▶ [Task brief]: Reproduce every entry exactly and leave its pictures out.

Input data Block Start

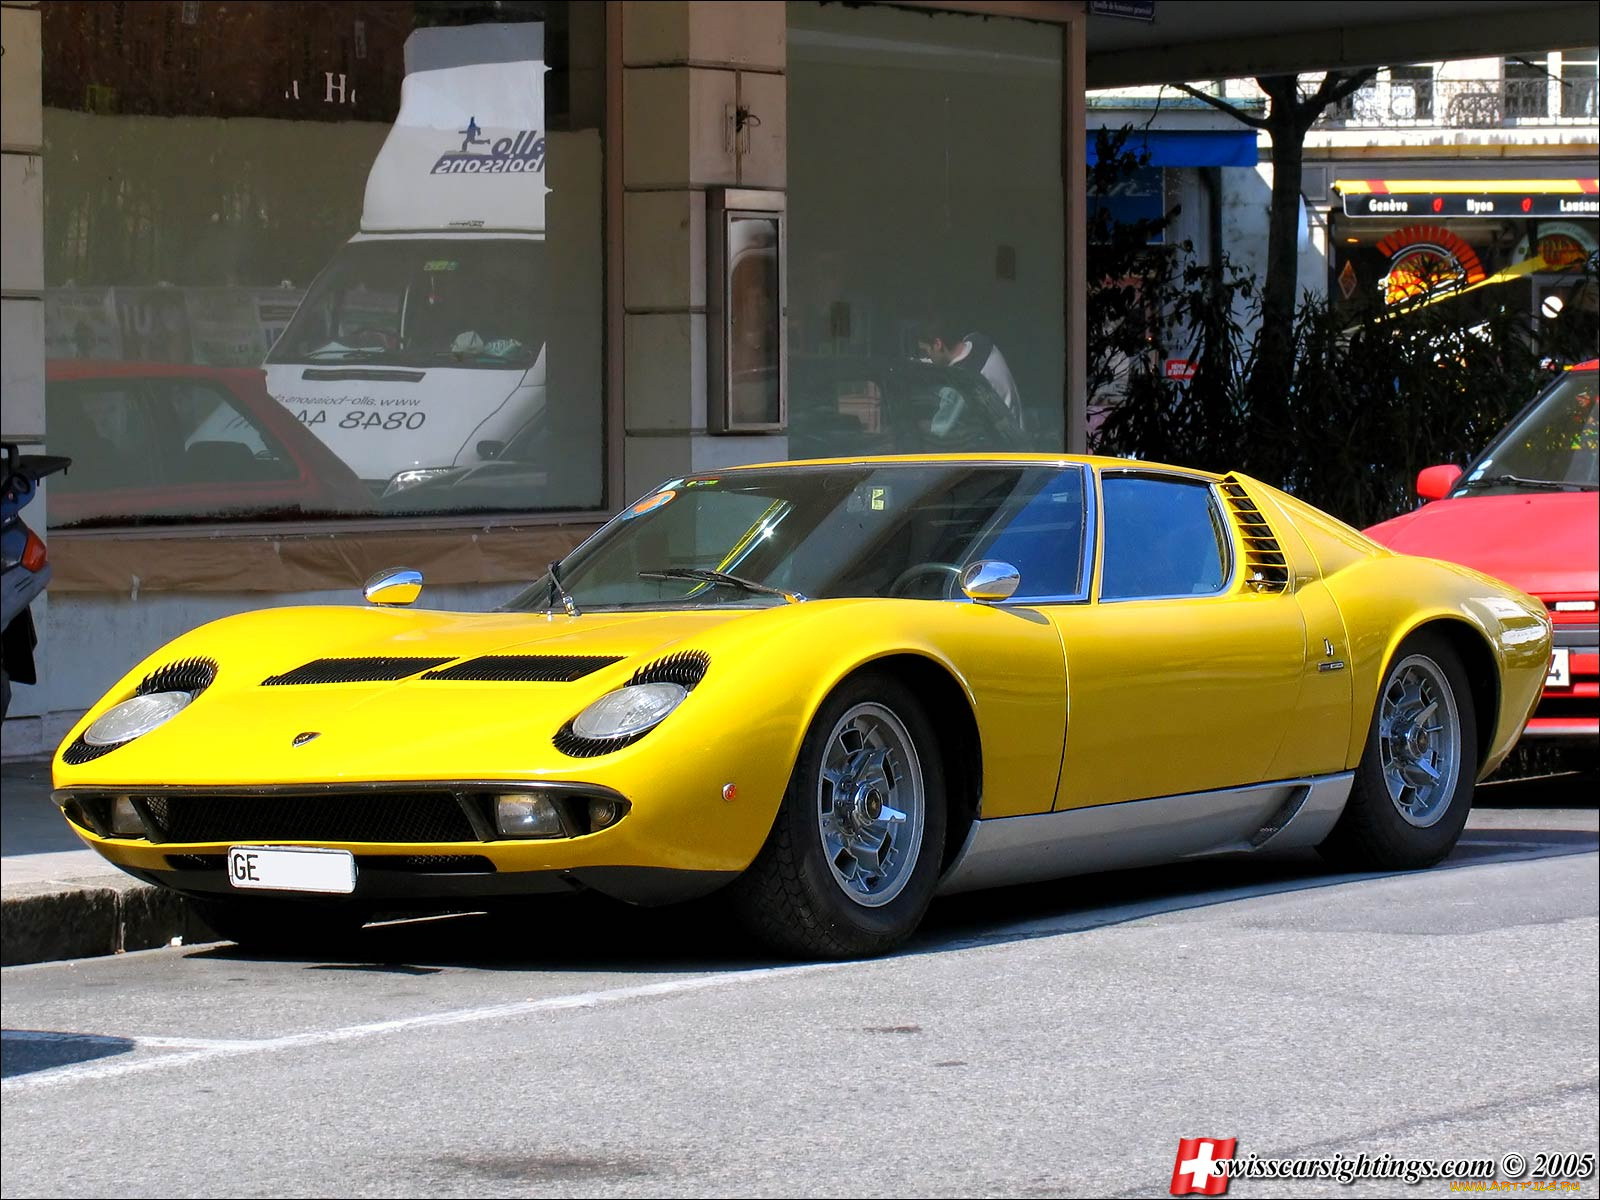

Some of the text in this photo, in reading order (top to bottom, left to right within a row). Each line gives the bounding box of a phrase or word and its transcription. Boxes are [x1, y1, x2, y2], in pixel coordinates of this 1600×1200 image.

[1369, 198, 1408, 212] Genève
[1466, 198, 1494, 214] Nyon
[233, 853, 260, 882] GE
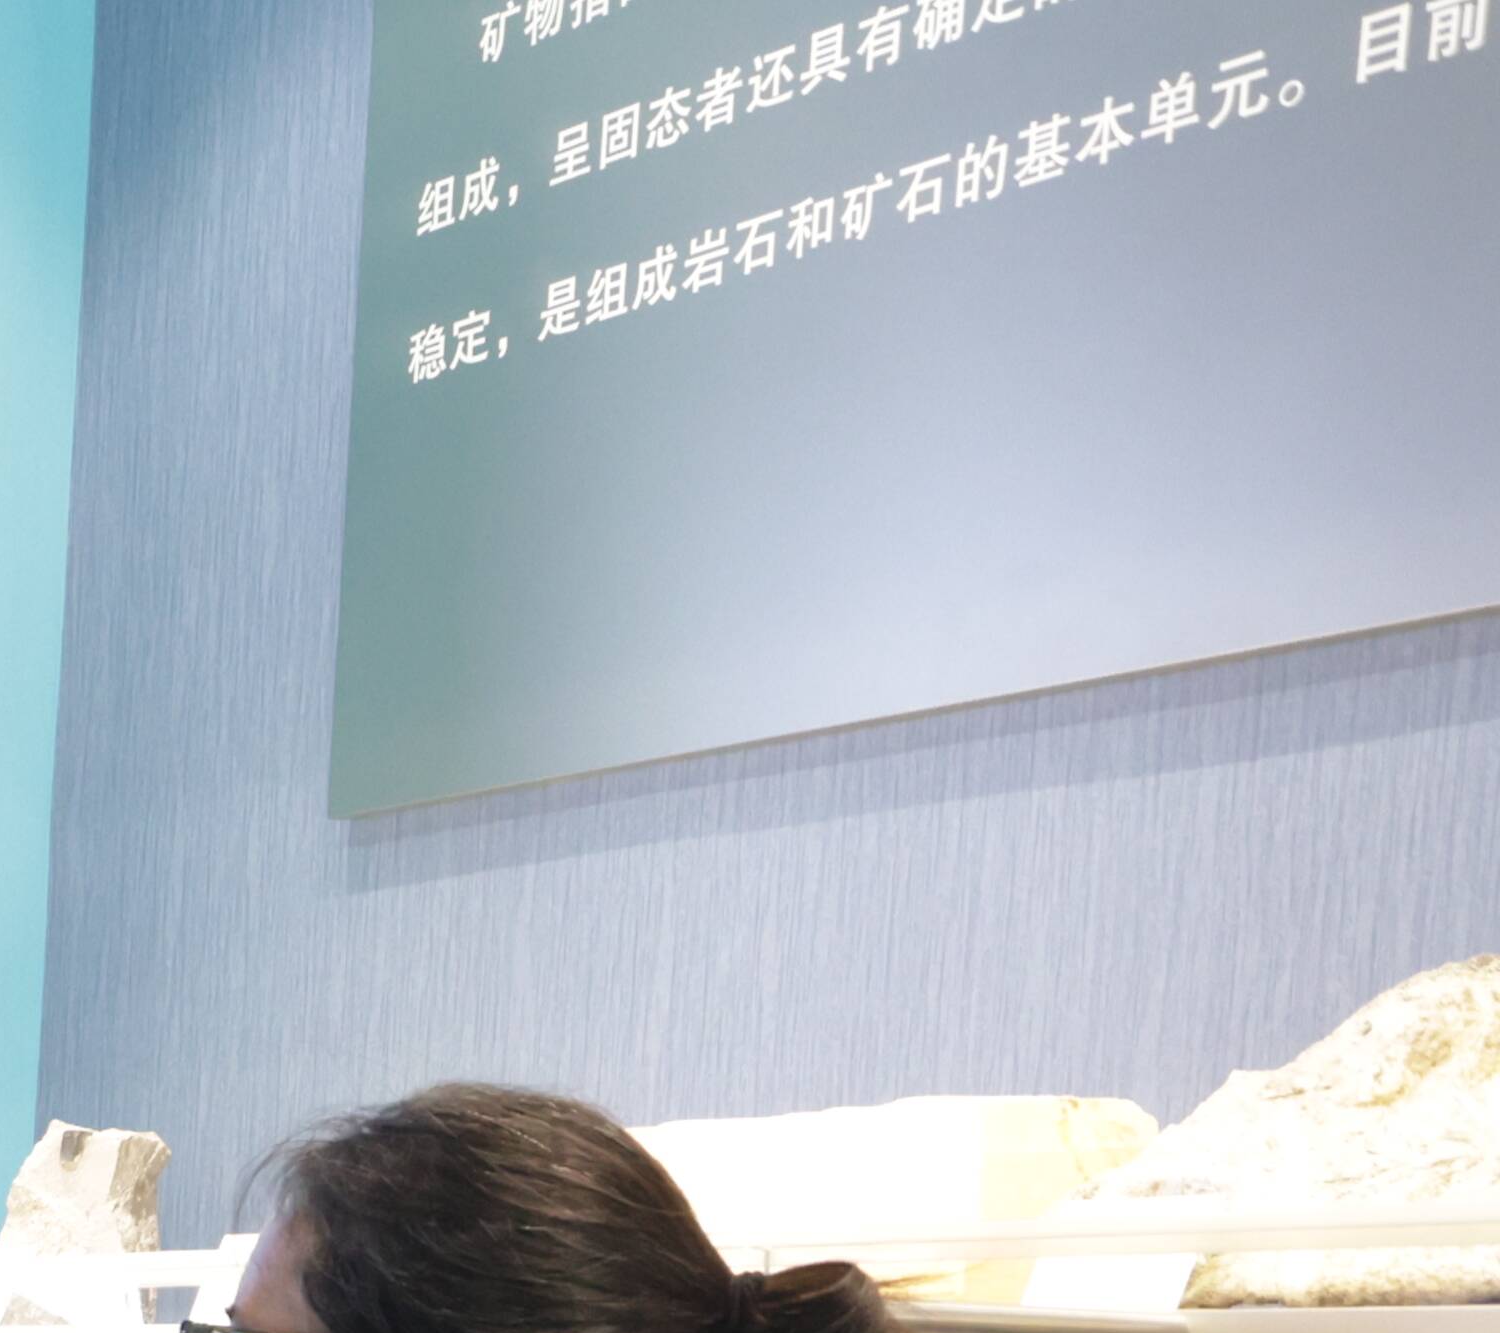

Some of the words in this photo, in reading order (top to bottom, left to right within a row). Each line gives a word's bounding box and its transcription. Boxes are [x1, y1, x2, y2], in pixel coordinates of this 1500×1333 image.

[478, 0, 630, 63] 矿物指
[416, 0, 1076, 236] 组成，呈固态者还具有确
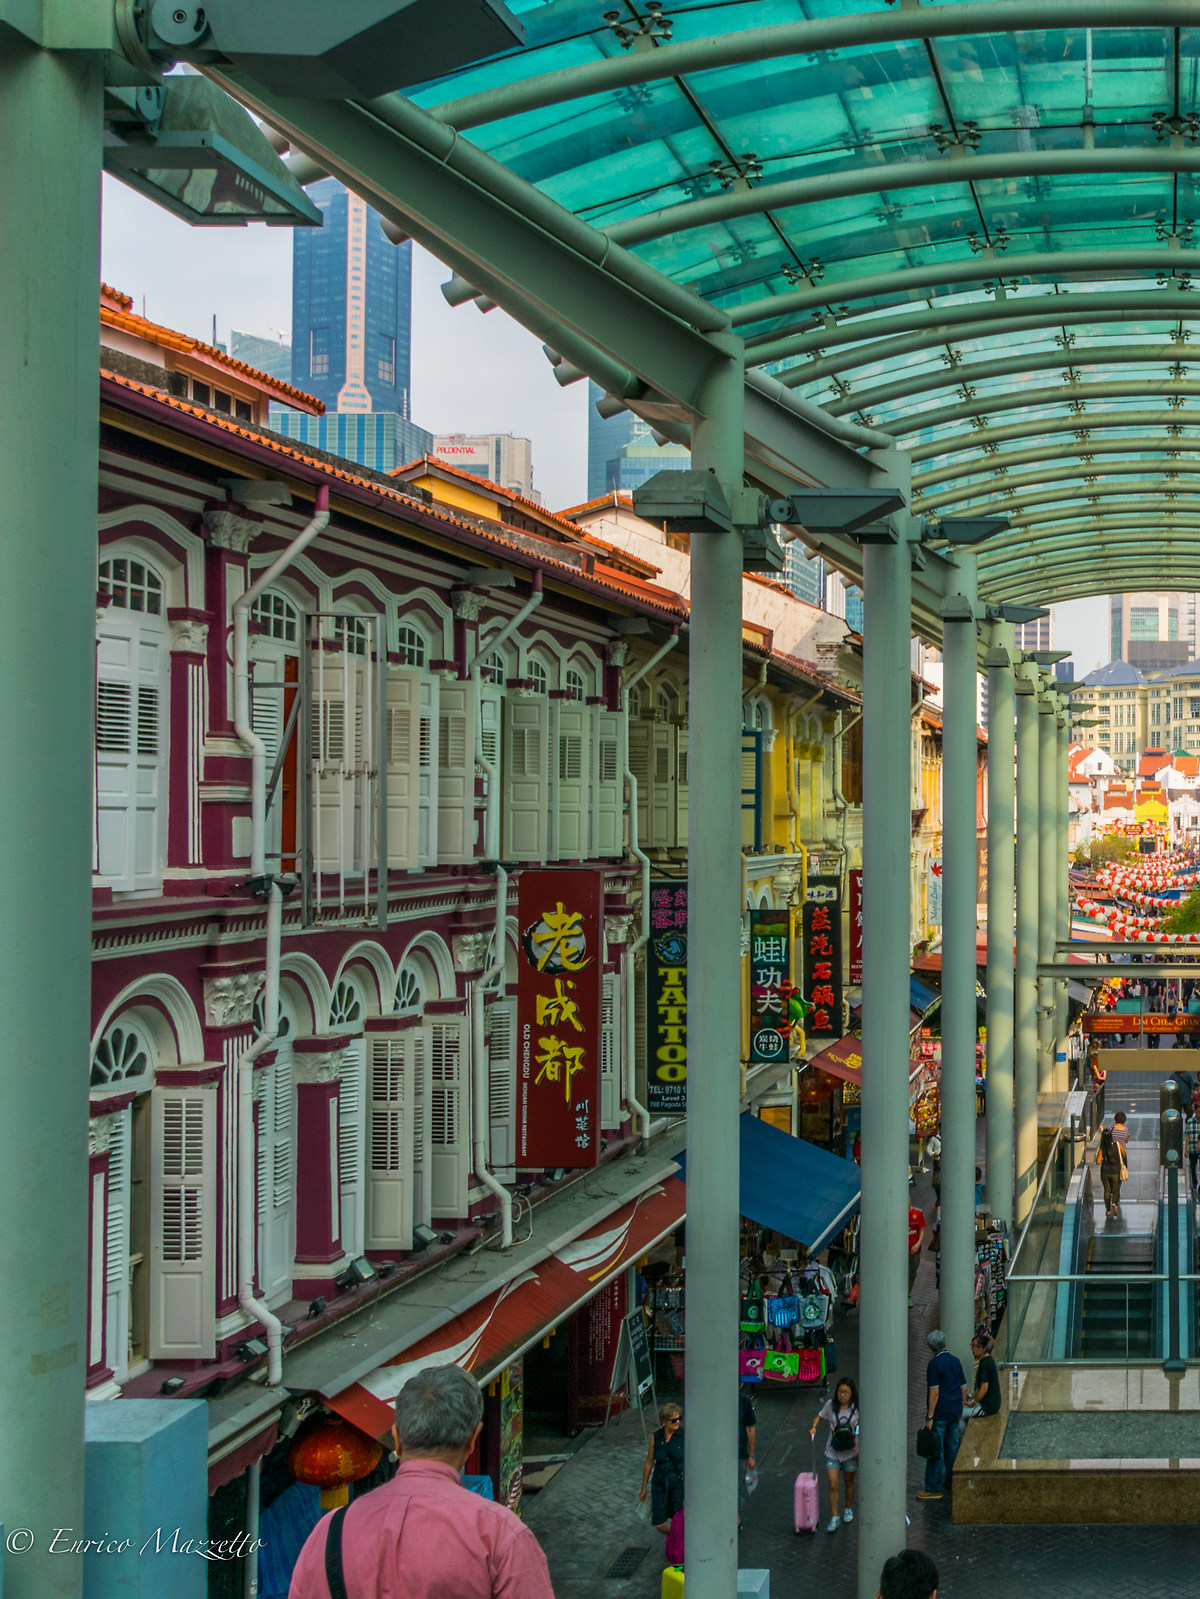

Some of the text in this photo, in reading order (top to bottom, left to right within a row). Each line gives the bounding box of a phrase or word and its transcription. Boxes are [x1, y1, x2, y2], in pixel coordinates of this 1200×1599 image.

[656, 967, 687, 1082] TATTOO
[1132, 1017, 1148, 1025] LIM
[1175, 1017, 1199, 1025] GUAN
[522, 1041, 530, 1079] CHENGDU
[650, 1085, 663, 1094] TEL:

Input data Block End

▶ [Task output]:
Some of the text in this photo, in reading order (top to bottom, left to right within a row). Each line gives the bounding box of a phrase or word and its transcription. Boxes are [x1, y1, x2, y2], in pixel coordinates of this 1600×1200 image.

[1369, 198, 1408, 212] Genève
[1466, 198, 1494, 214] Nyon
[233, 853, 260, 882] GE

Some of the words in this photo, in reading order (top to bottom, left to right within a row). Each line gives a word's bounding box and its transcription. Boxes are [x1, y1, x2, y2], in pixel coordinates of this 1500×1333 image.

[478, 0, 630, 63] 矿物指
[416, 0, 1076, 236] 组成，呈固态者还具有确

Some of the text in this photo, in reading order (top to bottom, left to right within a row). Each line gives the bounding box of a phrase or word and its transcription. Boxes are [x1, y1, x2, y2], in pixel coordinates of this 1200×1599 image.

[656, 967, 687, 1082] TATTOO
[1132, 1017, 1148, 1025] LIM
[1175, 1017, 1199, 1025] GUAN
[522, 1041, 530, 1079] CHENGDU
[650, 1085, 663, 1094] TEL:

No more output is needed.